§ Work required
Print a faithful copy of the data below, word for word, with the pictures left out.

[Items from a dataset]
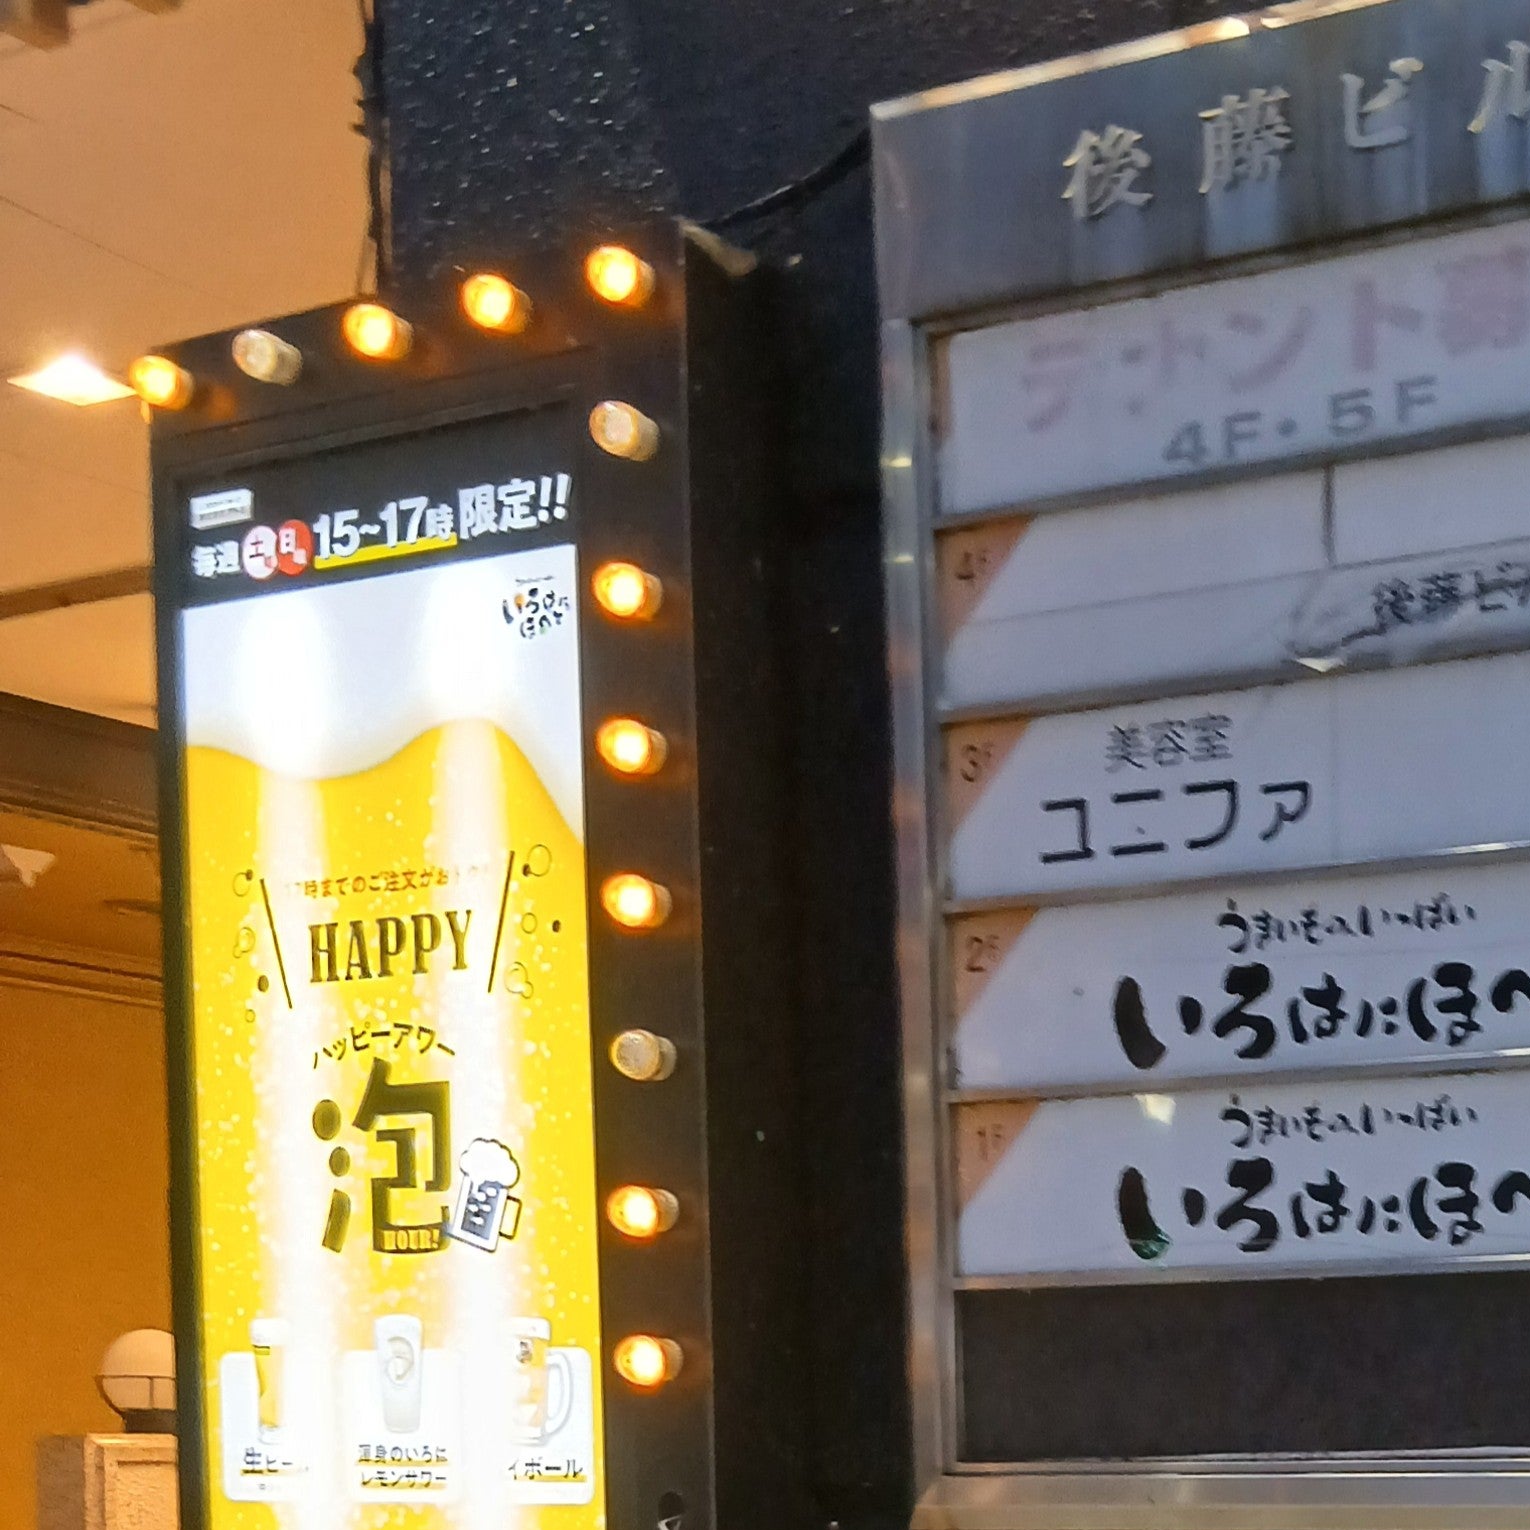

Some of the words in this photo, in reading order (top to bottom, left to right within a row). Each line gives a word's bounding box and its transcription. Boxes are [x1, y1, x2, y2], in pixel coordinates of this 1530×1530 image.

[1104, 713, 1233, 774] 美容室
[309, 909, 472, 983] HAPPY
[312, 1021, 456, 1069] ハッピーアワー
[312, 1057, 450, 1254] 泡
[242, 1446, 310, 1474] 生ビー
[360, 1470, 448, 1488] レモンサワー
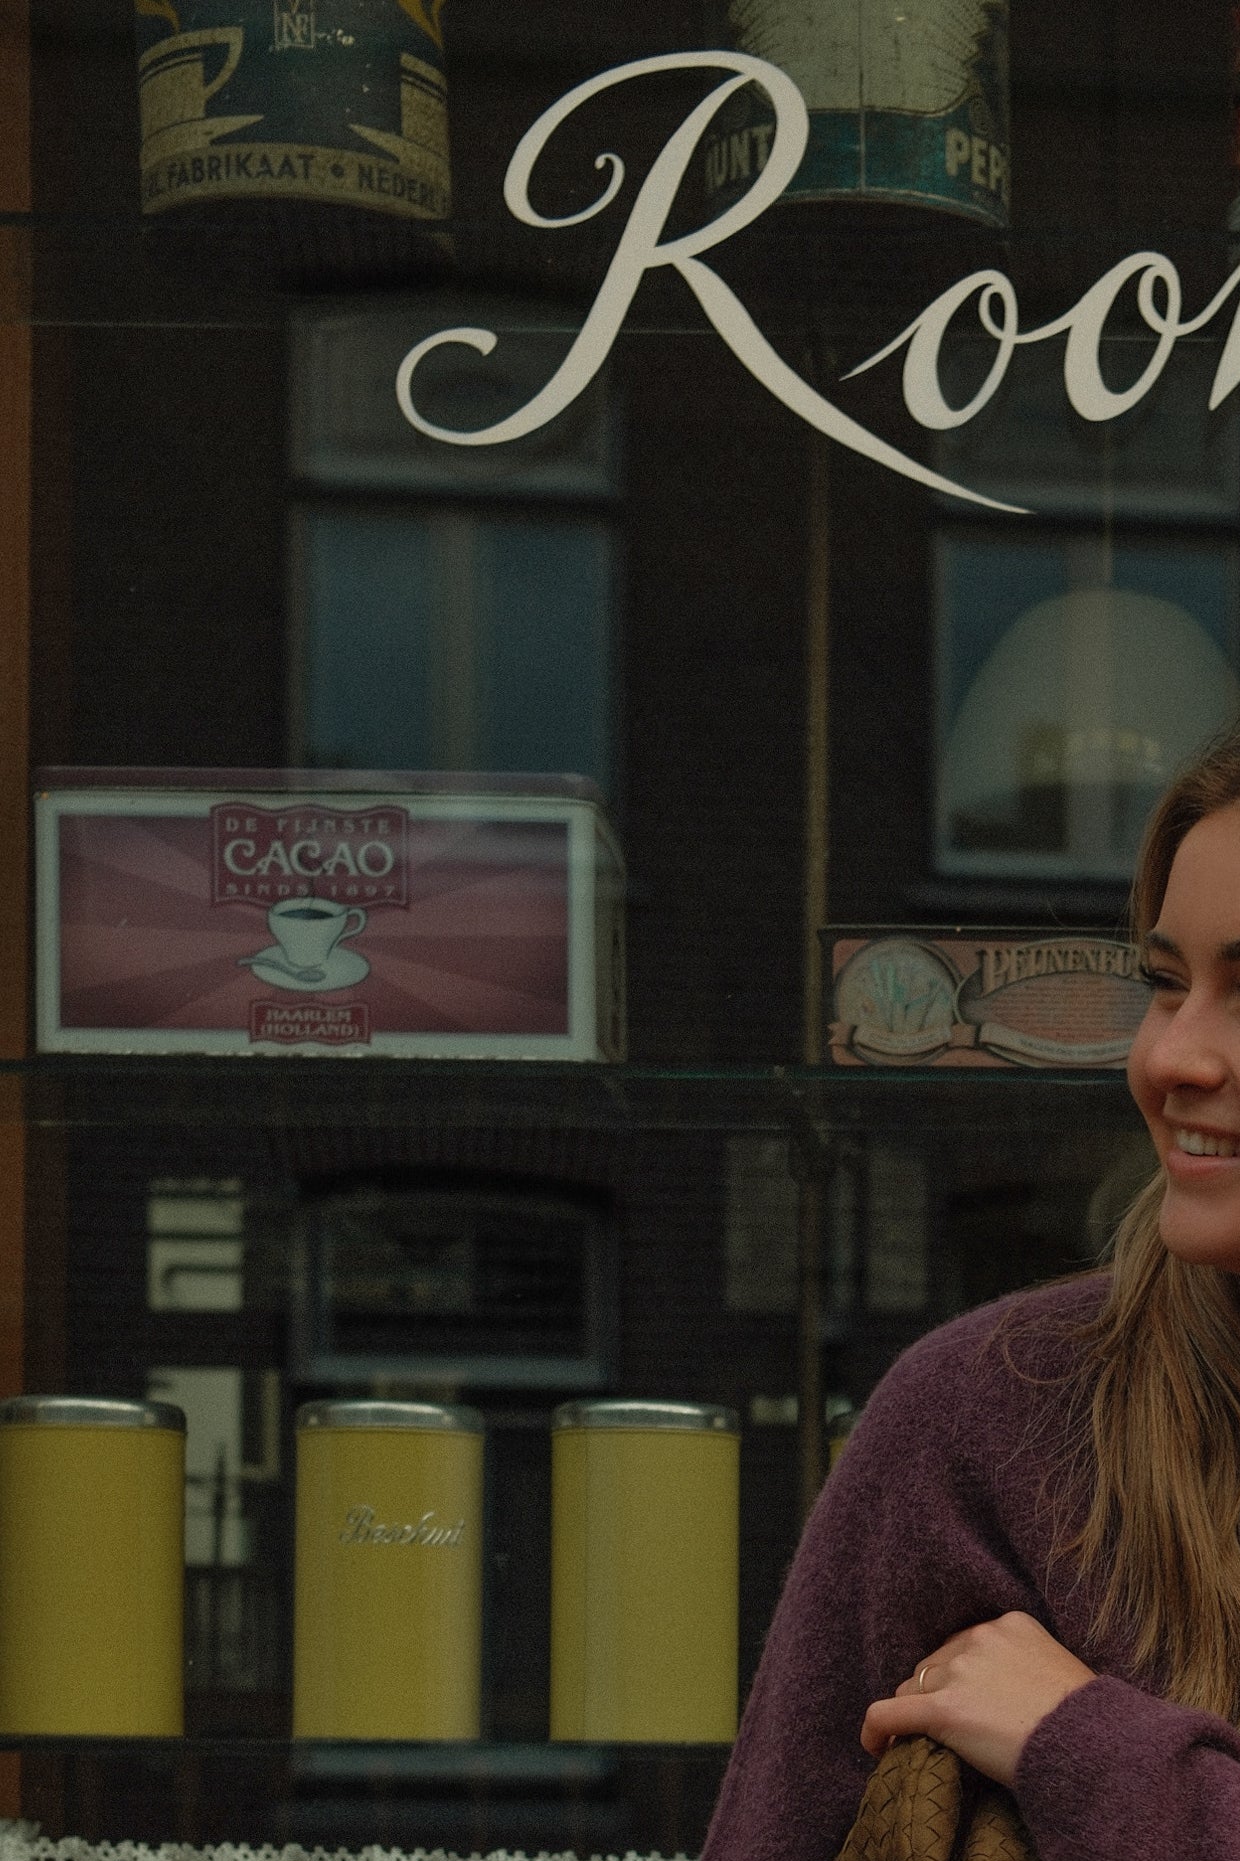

§ Solution to this exercise
Some of the words in this photo, in reading order (top to bottom, left to right within a row). Each line gives a word's bounding box and its transcription. Boxes are [x1, y1, x2, y2], in pixel coordinates of this 1530×1530 image.

[1104, 713, 1233, 774] 美容室
[309, 909, 472, 983] HAPPY
[312, 1021, 456, 1069] ハッピーアワー
[312, 1057, 450, 1254] 泡
[242, 1446, 310, 1474] 生ビー
[360, 1470, 448, 1488] レモンサワー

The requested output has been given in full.